Una lavatrice speciale

di Francesca Radaelli

Una coppia con due figli decide di adottarne un terzo. È cominciata più o meno così l’avventura di Maria Amelia (Monti) ed Edoardo (Erba) rispettivamente voce narrante e autore dello spettacolo La lavatrice del cuore, in scena lo scorso giovedì 30 gennaio al Teatro Manzoni di Monza, primo appuntamento della rassegna Altri Percorsi.

Il racconto di un percorso a ostacoli a tratti esilarante. Una trafila burocratica durata ben quattro anni, durante i quali la coppia è dovuta passare attraverso una serie infinita di prove da superare: una perizia psichiatrica dai risvolti inaspettati, un matrimonio segreto, una montagna di carte da compilare e timbrare…

Un racconto inframmezzato dalle parole di chi la burocrazia se l’è ormai lasciata alle spalle e l’esperienza dell’adozione la sta vivendo in tutta la sua complessità, come genitore o come figlio. Si tratta delle lettere raccolte in occasione del Festival delle lettere e in collaborazione con ItaliaAdozioni, che riportano aneddoti e testimonianze quotidiane di chi vive, o ha vissuto l’adozione.

Proprio da una di queste lettere, recitate con grande coinvolgimento dalla stessa Maria Amelia Monti, deriva il titolo dello spettacolo. La lavatrice del cuore – spiega una mamma alla propria figlia color cioccolato – è una lavatrice speciale che hanno tutte le mamme: un posto dove si può  buttare tutto ciò che fa soffrire i bambini, per farlo lavare e centrifugare.

Ma quando una bambina di sette anni butta dentro la lavatrice di sua madre il dolore per essere stata rifiutata dalla mamma biologica e il terrore di essere abbandonata di nuovo, questa lavatrice deve lavorare non poco per lavarli via.

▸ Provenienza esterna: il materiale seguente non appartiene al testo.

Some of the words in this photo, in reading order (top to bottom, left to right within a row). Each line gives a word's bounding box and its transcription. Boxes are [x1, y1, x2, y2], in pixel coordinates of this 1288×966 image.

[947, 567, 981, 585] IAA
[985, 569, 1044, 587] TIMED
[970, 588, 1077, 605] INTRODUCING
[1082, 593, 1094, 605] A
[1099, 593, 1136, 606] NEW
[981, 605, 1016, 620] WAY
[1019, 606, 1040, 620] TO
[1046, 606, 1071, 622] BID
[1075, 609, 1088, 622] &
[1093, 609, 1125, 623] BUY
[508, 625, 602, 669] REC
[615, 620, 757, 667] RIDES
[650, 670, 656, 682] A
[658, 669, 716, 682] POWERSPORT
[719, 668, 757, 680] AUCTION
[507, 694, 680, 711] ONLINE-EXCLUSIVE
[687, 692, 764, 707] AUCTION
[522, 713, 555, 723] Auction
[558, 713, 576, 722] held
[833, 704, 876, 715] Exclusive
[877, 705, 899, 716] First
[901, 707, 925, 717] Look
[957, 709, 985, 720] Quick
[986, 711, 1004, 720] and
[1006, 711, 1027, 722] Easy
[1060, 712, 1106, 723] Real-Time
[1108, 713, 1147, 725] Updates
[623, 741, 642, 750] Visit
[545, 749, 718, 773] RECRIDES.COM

Essere una madre ‘di cuore’ e non ‘di pancia’ è un compito difficile, talvolta usurante, e lo stesso vale per i papà. “Tu non sei la mia vera mamma”; “Non sei il mio vero papà”: le parole dette durante un capriccio possono essere macigni. Senza contare poi le domande spesso fuori luogo di conoscenti  e amici: “Ma parla italiano?” (riferito a un bambino vietnamita adottato a pochi mesi); “Ma delle due qual è la tua figlia vera?”. E via di questo passo. 

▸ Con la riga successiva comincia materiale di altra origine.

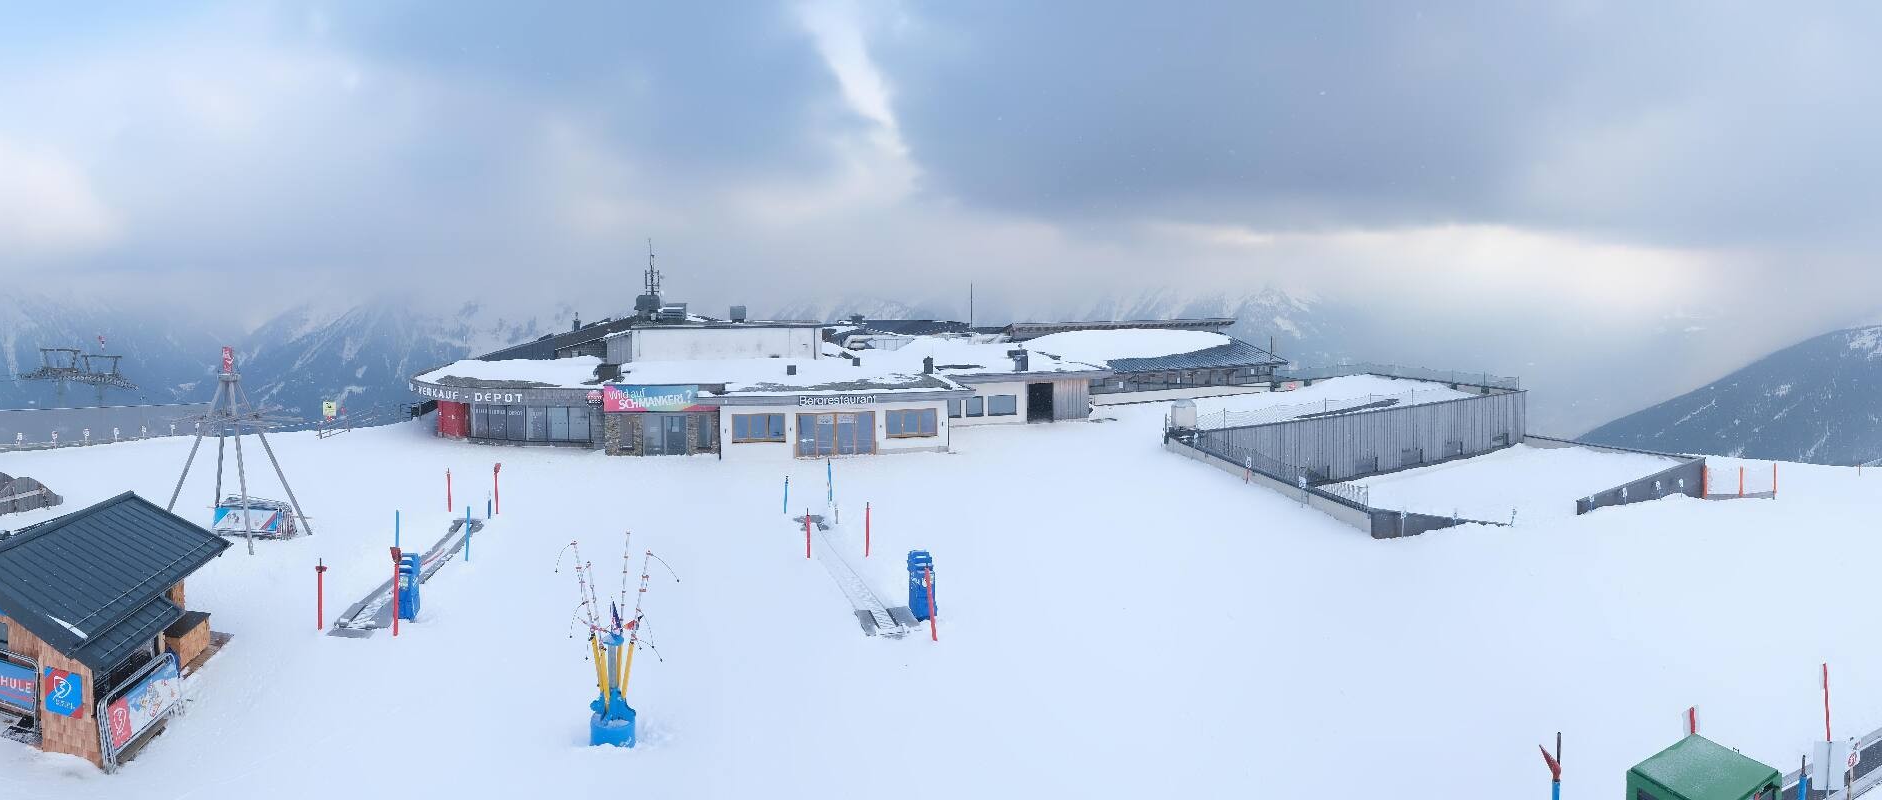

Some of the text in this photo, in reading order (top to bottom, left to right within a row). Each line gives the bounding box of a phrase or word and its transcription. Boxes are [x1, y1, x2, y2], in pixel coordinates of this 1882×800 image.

[418, 385, 459, 400] VERKAUF
[474, 392, 523, 403] DEPOT
[609, 387, 646, 400] Wild auf
[799, 394, 877, 406] Bergrestaurant

Nelle lettere dei genitori e dei figli si intravvedono spiragli di una quotidianità complessa, fatta di conflitti e di rapporti difficili, ma proprio per questo ricchissima di umanità. Il passaggio da una storia all’altra, da un sentimento all’altro, dal dolore all’ironia trova rispondenza perfetta nel violoncello di Federico Odling, che con la sua musica accompagna la voce narrante per tutto lo spettacolo.

Gli applausi non mancano. Maria Amelia Monti, emozionandosi durante la lettura delle lettere, emoziona  e commuove gli spettatori, tra cui ci sono numerose famiglie adottive. Ma alla fine di fronte alle disavventure dell’aspirante mamma adottiva  non mancano nemmeno le risate.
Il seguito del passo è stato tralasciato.